The Internet is a network-of-networks, and there is no reason that your TV station cannot become part of the information superhighway. With your digital transmitter, you can broadcast all kinds of bits, not just TV. And with a set-top box that is connected to the Internet, you can close the loop with your customers. The same applies for PCs and notebook computers that incorporate a DTV tuner and a broadband connection.

My son got a Nintendo Wii for Christmas. It has built-in WiFi, and when connected, it has several information services, including a weather channel that you can watch on the TV. Microsoft and Sony are trying to go a step further with the Xbox 360 and PlayStation 3, adding HD-DVD playback capabilities. (See “Lean back media redefined.”)

The time has come for local broadcasters to connect to modern realities. You are in the communications business and have the unique competency to create content and connect advertisers and potential customers in your market in compelling new ways.

Traveling down the fork in the road that leads to the future won't be easy, and it may not be profitable for years. But for broadcasters who are trying to eke the most out of their markets, the time is coming to an end. Wouldn't you rather know who's watching, rather than who's not?

Craig Birkmaier is a technology consultant at Pcube Labs, and he hosts and moderates the OpenDTV forum.

Send questions and comments to:craig.birkmaier@penton.com

Web links

Lean back media redefined

“We are shifting content experience from a lean-forward PC exercise to the comfort of the big screen TV in your living room.”

If you think that this is a quote from Steve Jobs' Macworld announcement of Apple TV, think again. It was delivered by Randy Waynick, senior vice president of the home products division for Sony Electronics. He went on to say: “Internet video will clearly be the next step in the evolution of high-definition television, giving users more control over the content they view.”

Welcome to the world of Internet video, Sony style. At the 2007 International CES show in Las Vegas, Sony announced the BRAVIA Internet Video Link, which will allow most of its new televisions to access free Internet video content, even in HD, from providers including AOL, Grouper and Yahoo, as well as Sony Pictures Entertainment and Sony BMG Music.

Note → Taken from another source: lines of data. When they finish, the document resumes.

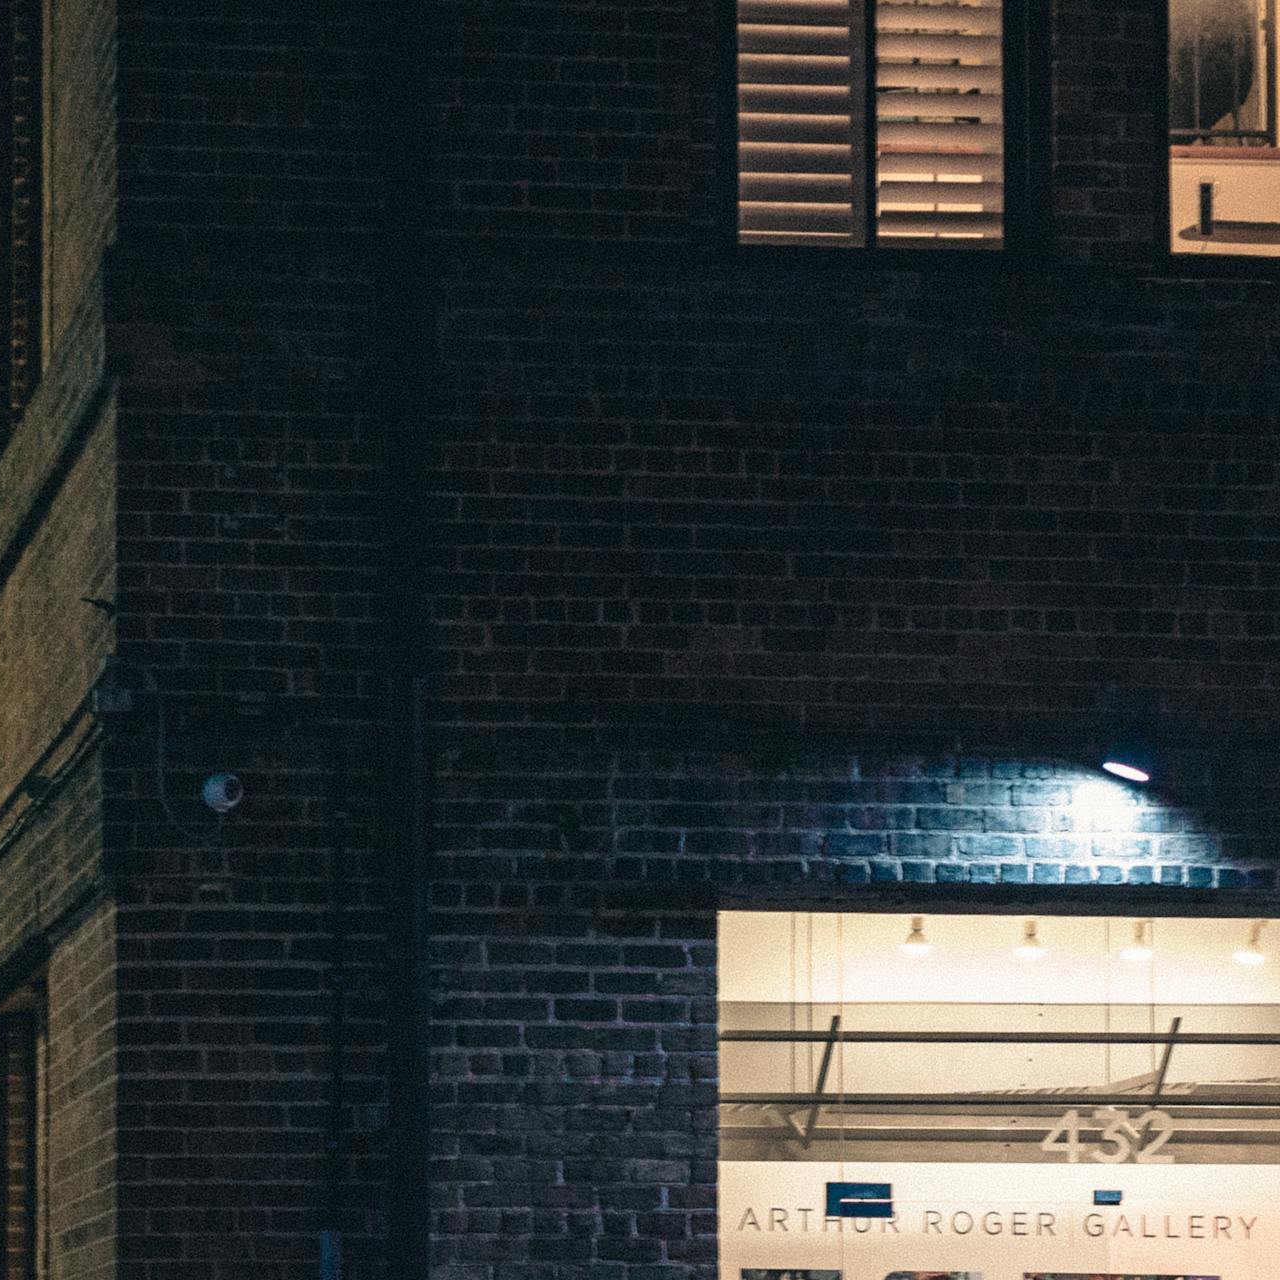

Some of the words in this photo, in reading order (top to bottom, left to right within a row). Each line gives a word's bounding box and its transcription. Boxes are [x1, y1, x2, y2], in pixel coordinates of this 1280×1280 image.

[1042, 1109, 1175, 1164] 432
[923, 1210, 1057, 1237] ROGER
[1082, 1212, 1259, 1240] GALLERY
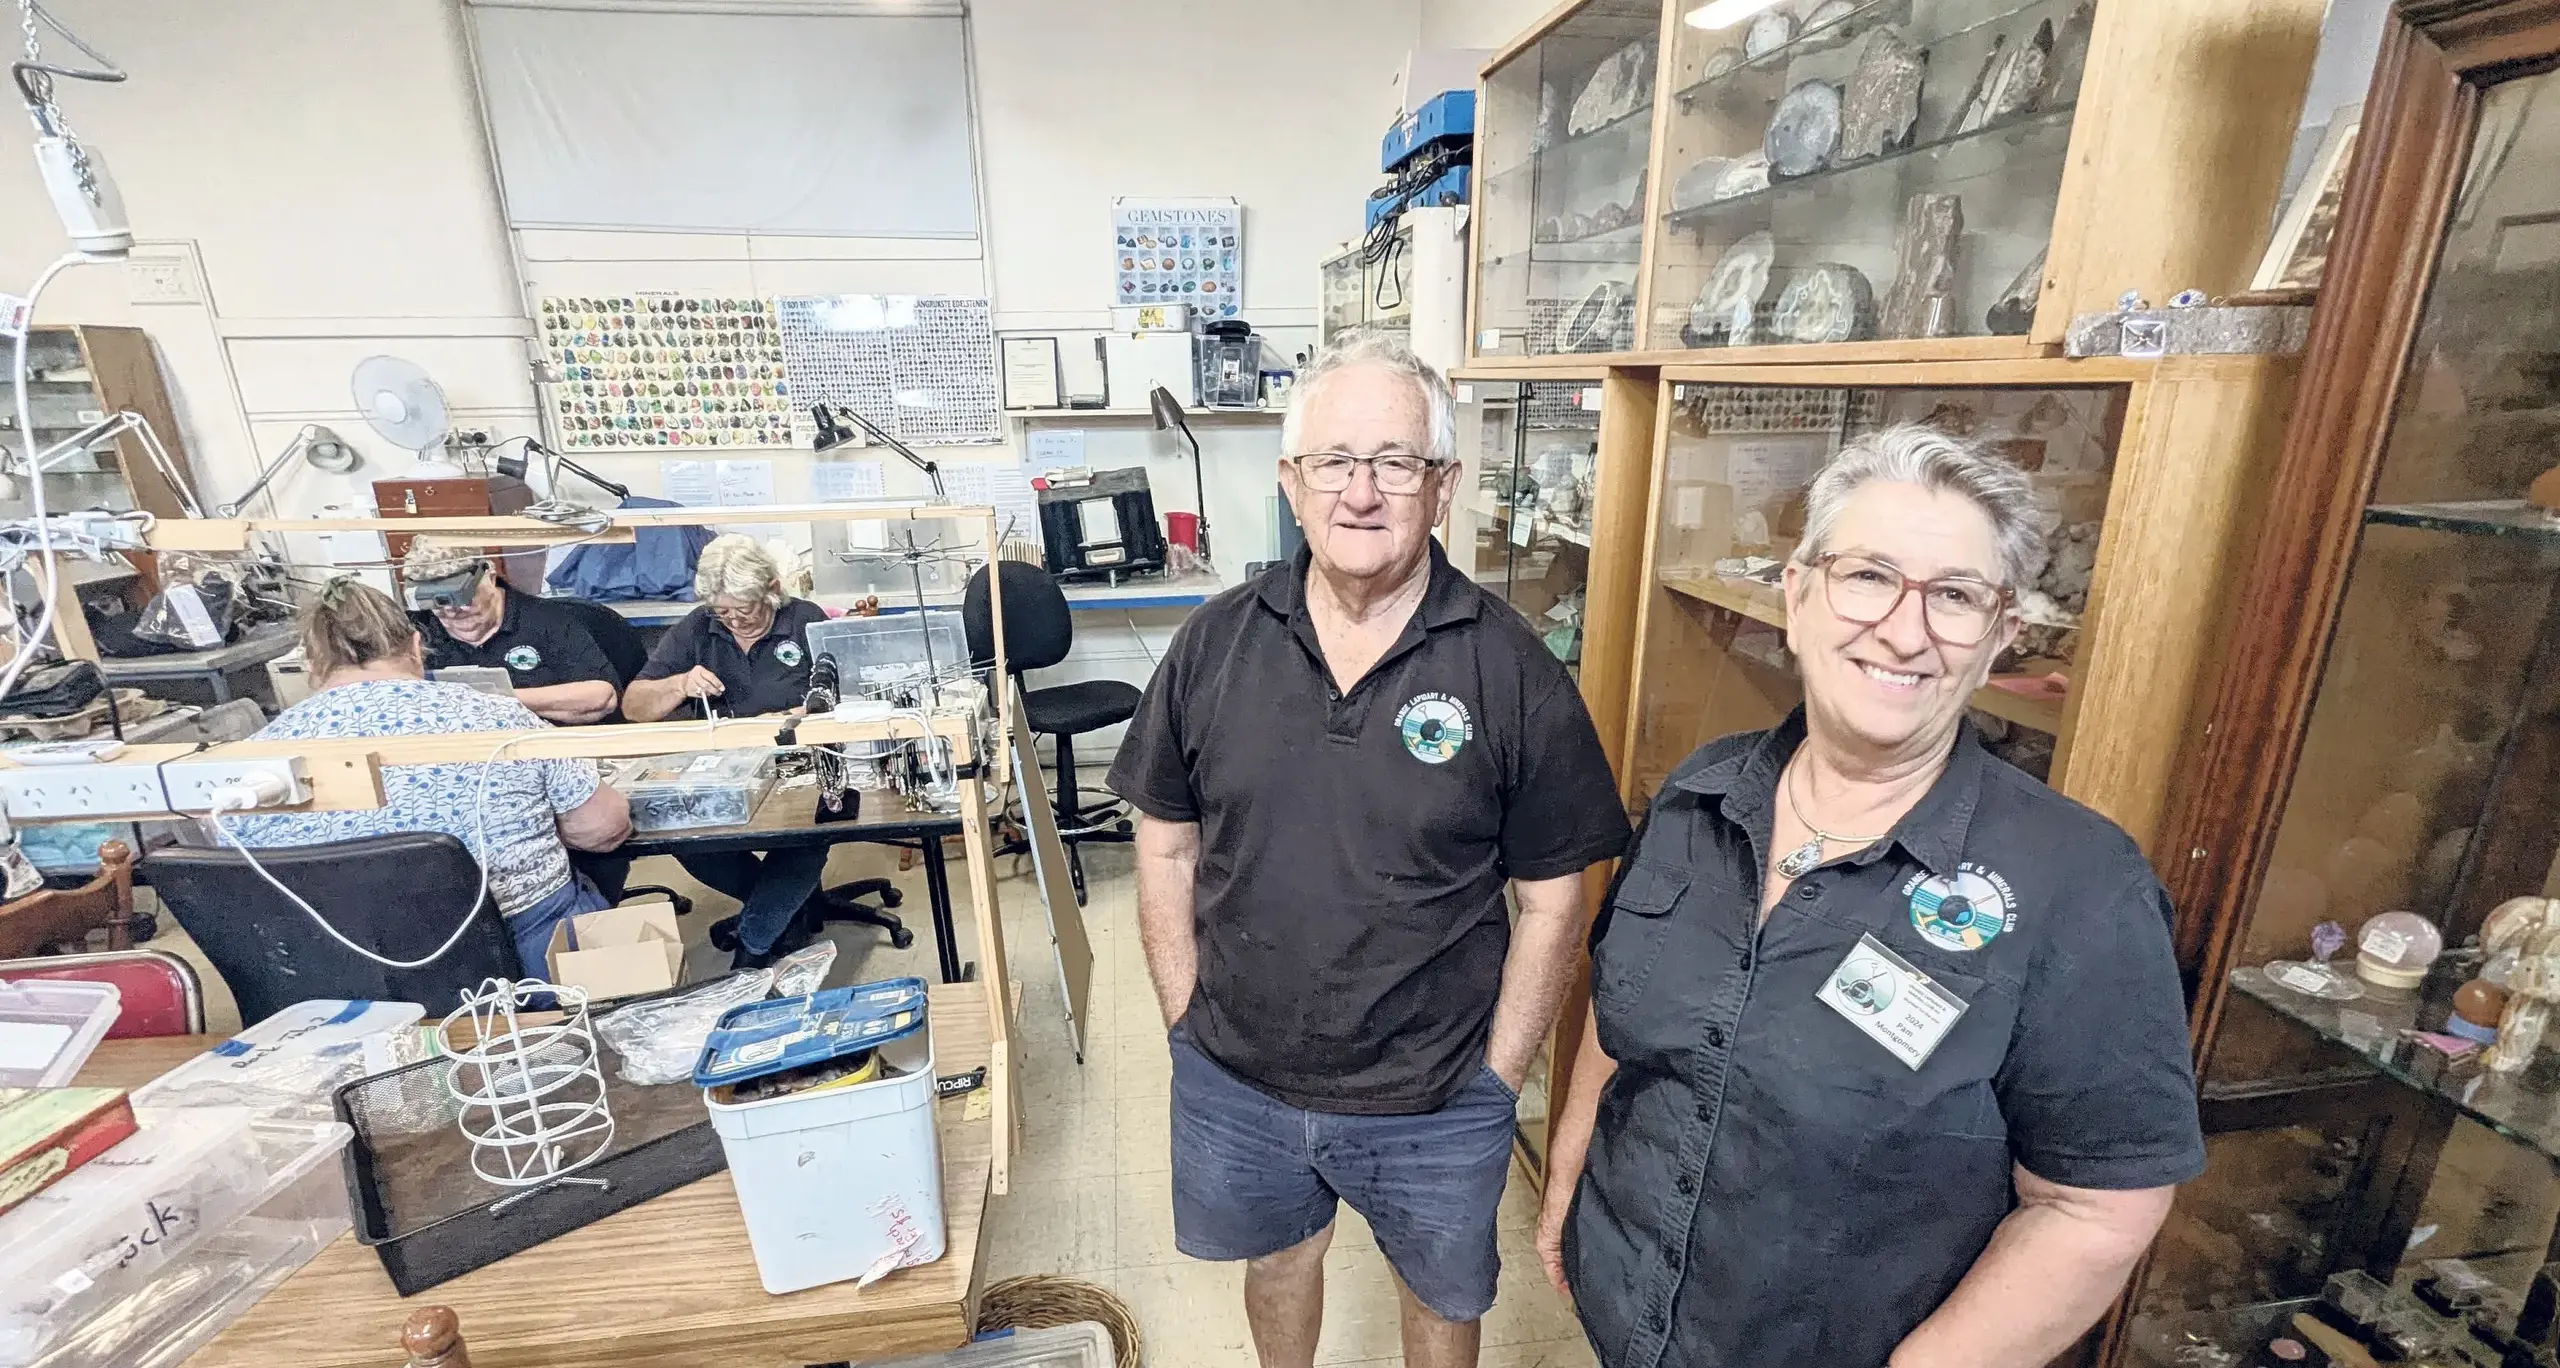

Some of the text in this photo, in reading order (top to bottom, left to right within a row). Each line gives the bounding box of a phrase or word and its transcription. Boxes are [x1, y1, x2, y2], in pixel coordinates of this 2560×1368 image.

[1127, 209, 1227, 223] GEMSTONES
[1441, 692, 1447, 700] &
[1976, 865, 1986, 875] &
[1987, 871, 2017, 909] MINERALS
[2002, 913, 2018, 933] CLUB
[1896, 1022, 1914, 1037] Pam
[1905, 1013, 1924, 1030] 2024
[1874, 1020, 1921, 1058] Montgomery
[115, 1201, 179, 1269] ock

The product is a module that will attach to the rear of Sony Internet video-ready televisions. It will link the television set directly to a user's broadband Internet service provider via an Ethernet connection. Viewers will use Sony's Xross Media Bar icon-based interface to access content via their remote control.

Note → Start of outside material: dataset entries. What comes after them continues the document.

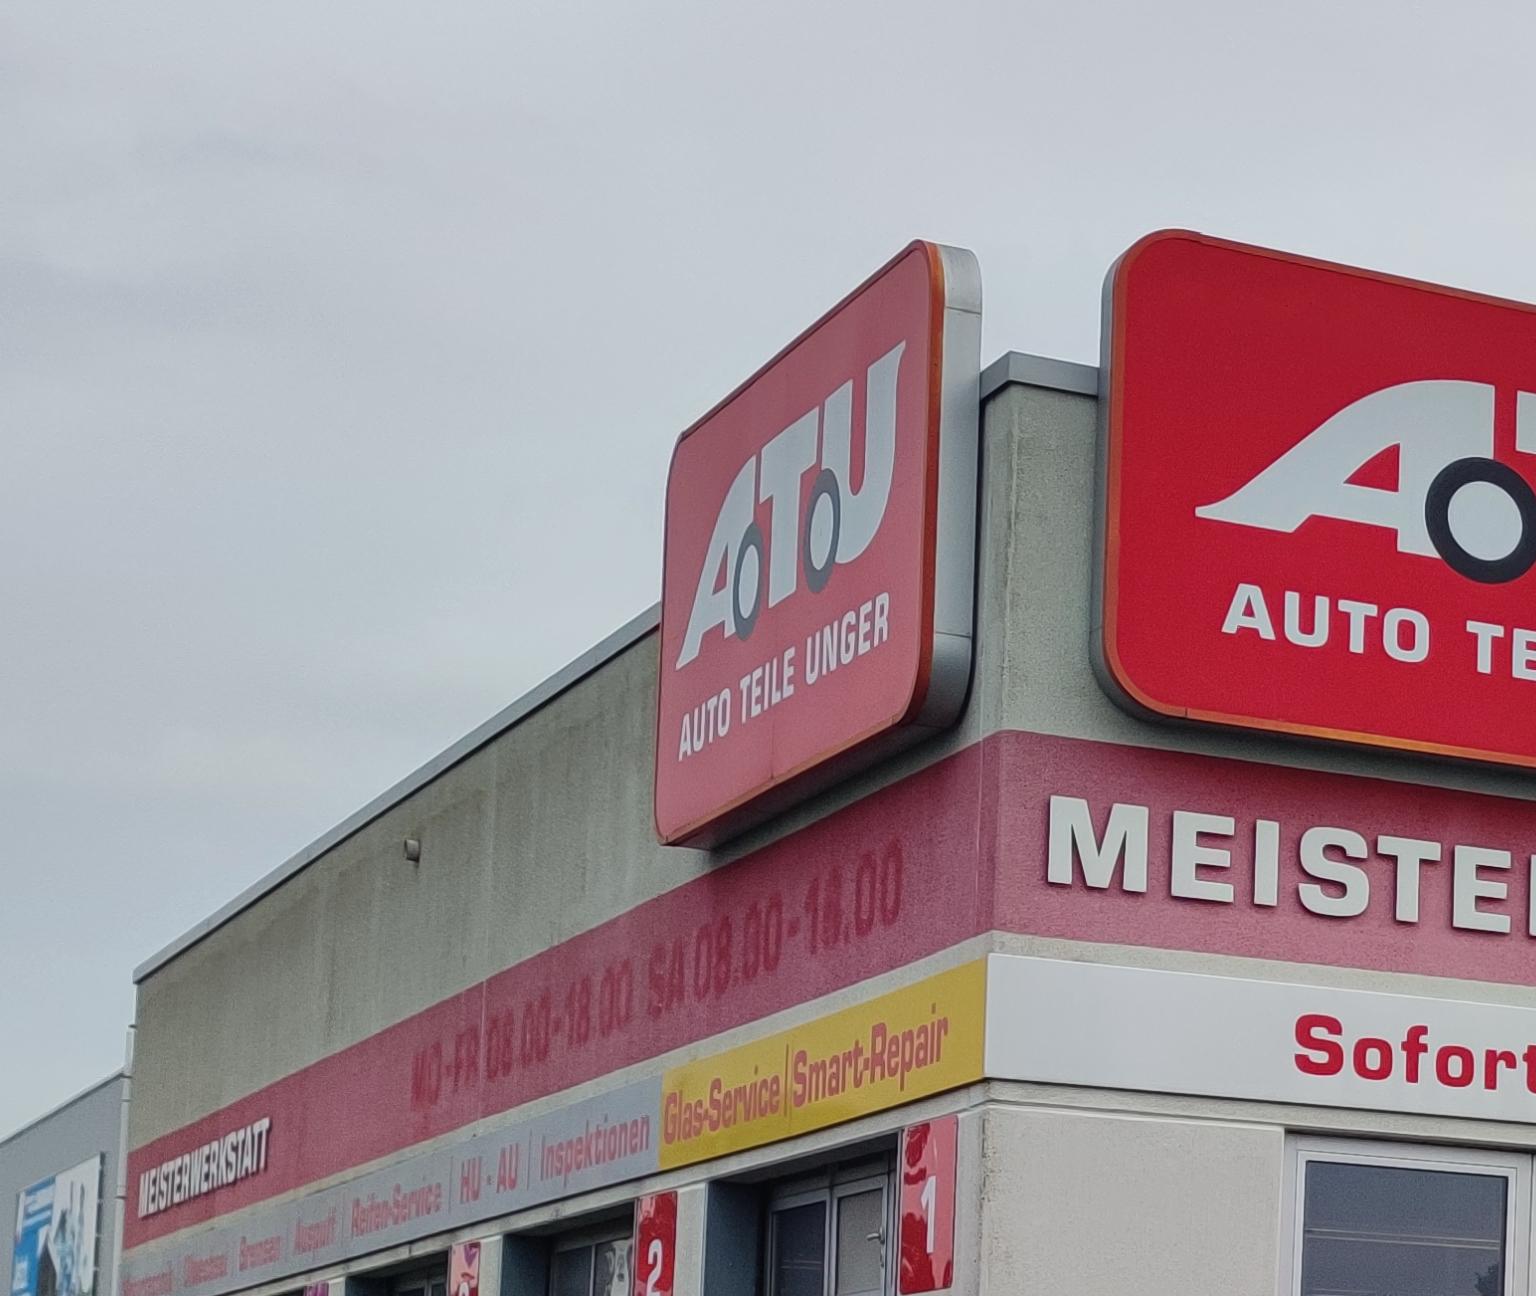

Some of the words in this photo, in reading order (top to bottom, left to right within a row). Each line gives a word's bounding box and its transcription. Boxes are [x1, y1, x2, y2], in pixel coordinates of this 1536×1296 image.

[1222, 583, 1429, 664] AUTO
[678, 689, 731, 762] AUTO
[741, 645, 795, 724] TEILE
[806, 592, 890, 685] UNGER
[663, 1065, 781, 1146] Glas-Service
[793, 1002, 949, 1108] Smart-Repair
[138, 1117, 271, 1219] MEISTERWERKSTATT
[460, 1157, 481, 1204] HU
[496, 1143, 519, 1194] AU
[540, 1113, 650, 1188] Inspektionen
[920, 1175, 938, 1254] 1

The notion that the Internet and the big screen TV in the family room are on a collision course was echoed across the expansive halls of the CES exhibits, even as the press and analysts kept an eye on Apple's Macworld announcements. Microsoft's Bill Gates took things a step further, announcing the Windows Home Server, which is intended to store both computer data and media that can be shared by computers and a Media Center PC attached to the big screen.

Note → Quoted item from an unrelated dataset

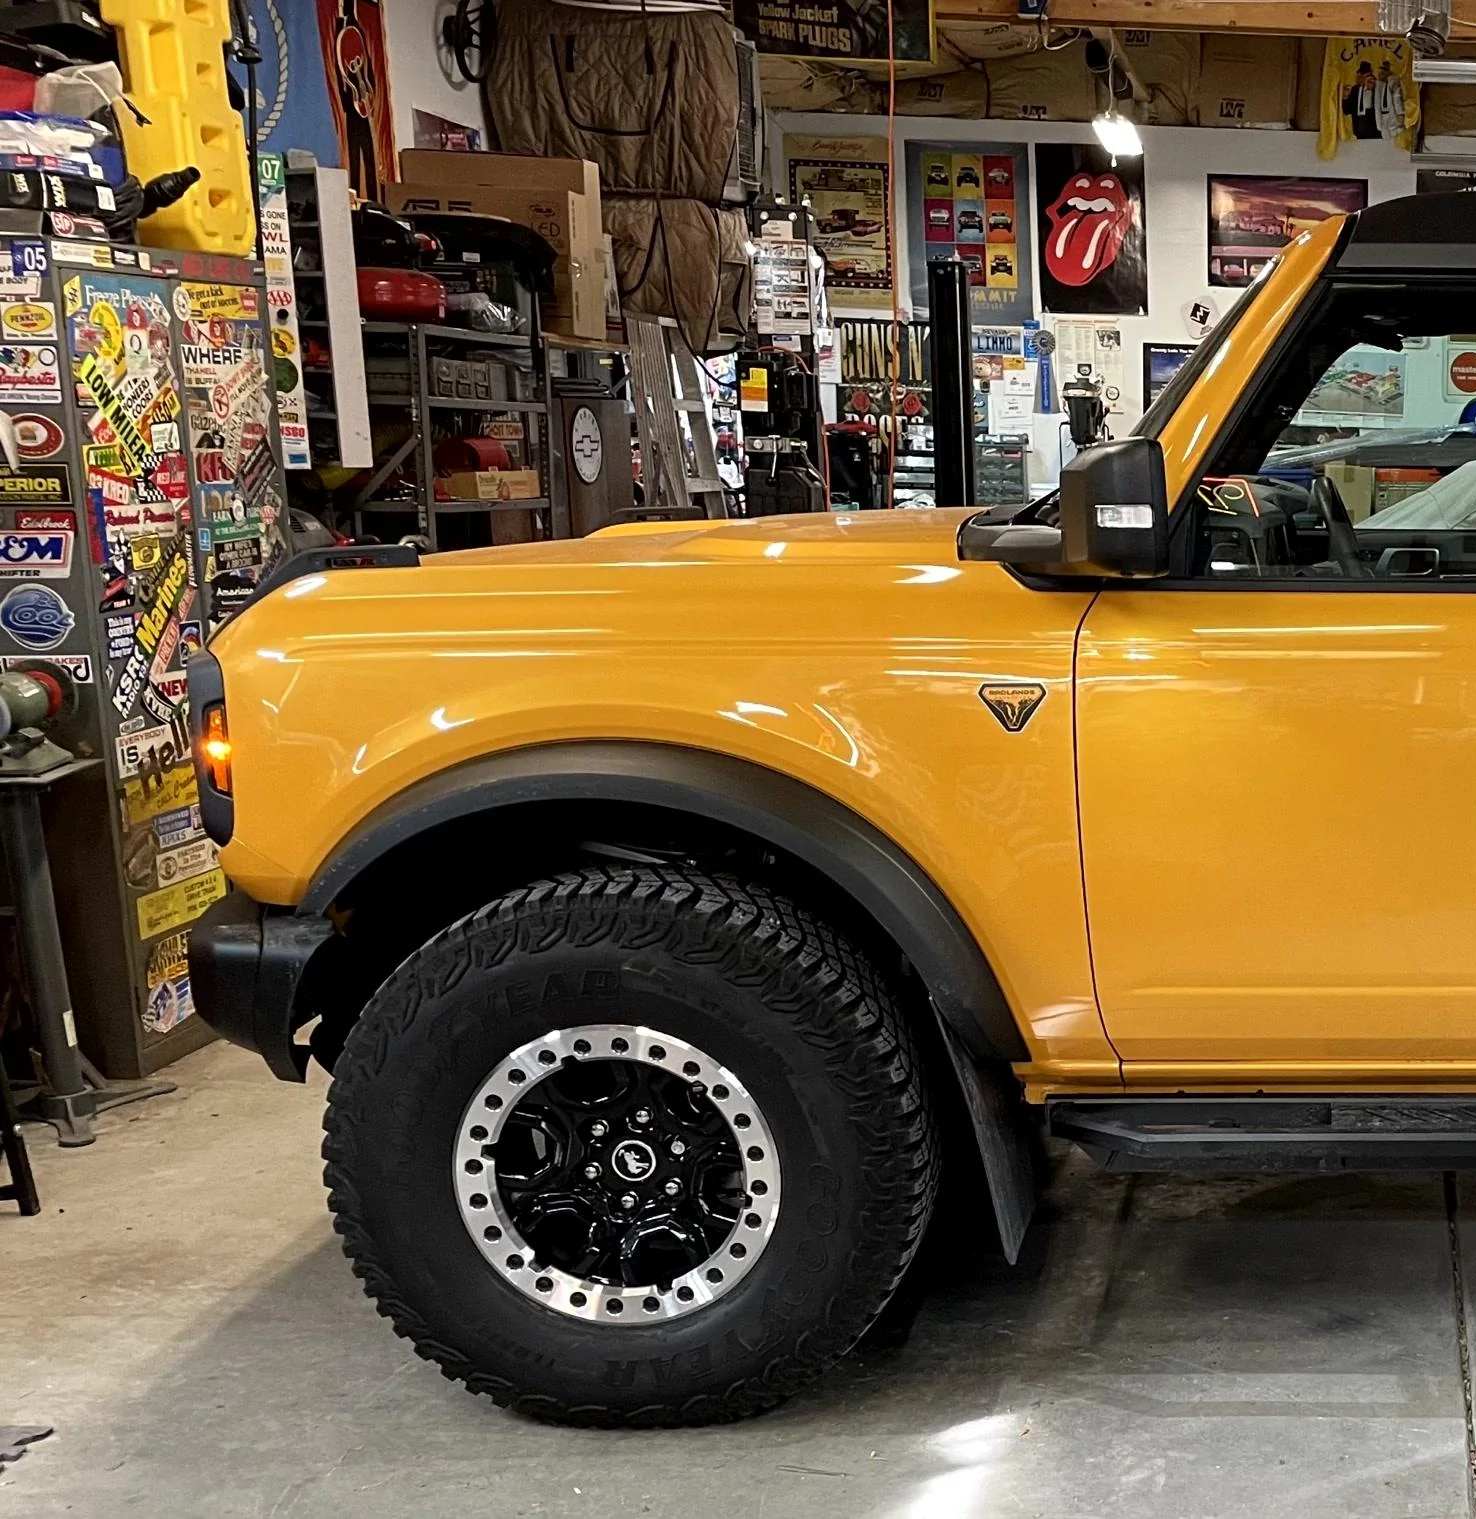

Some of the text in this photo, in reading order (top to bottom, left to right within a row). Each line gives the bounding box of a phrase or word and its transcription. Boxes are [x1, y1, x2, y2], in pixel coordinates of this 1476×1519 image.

Once again, Jobs stole some of the thunder from CES. The expected announcement of Apple TV, which Jobs previewed last fall, seemed almost anticlimactic, just a warm-up act for the main event — the announcement of Apple's iPhone. (See “Web links” on page 16.) The iPhone combines the functionality of a cellular phone, widescreen video iPod, e-mail and text messaging center, and a full-functioned Web browser that fits in the palm of your hand.

Powered by Apple's OS X and an innovative touch-screen interface, Jobs claimed that the iPhone is five years ahead of the competition. His optimism is well founded, and we will likely see many of the core technologies developed for the iPhone appear in a wide range of consumer electronics products. One can easily imagine the touch-screen interface being used as a remote control for TV users to surf the Web and navigate through the media stored on an Apple TV, PCs, iPods and other devices with wireless interfaces.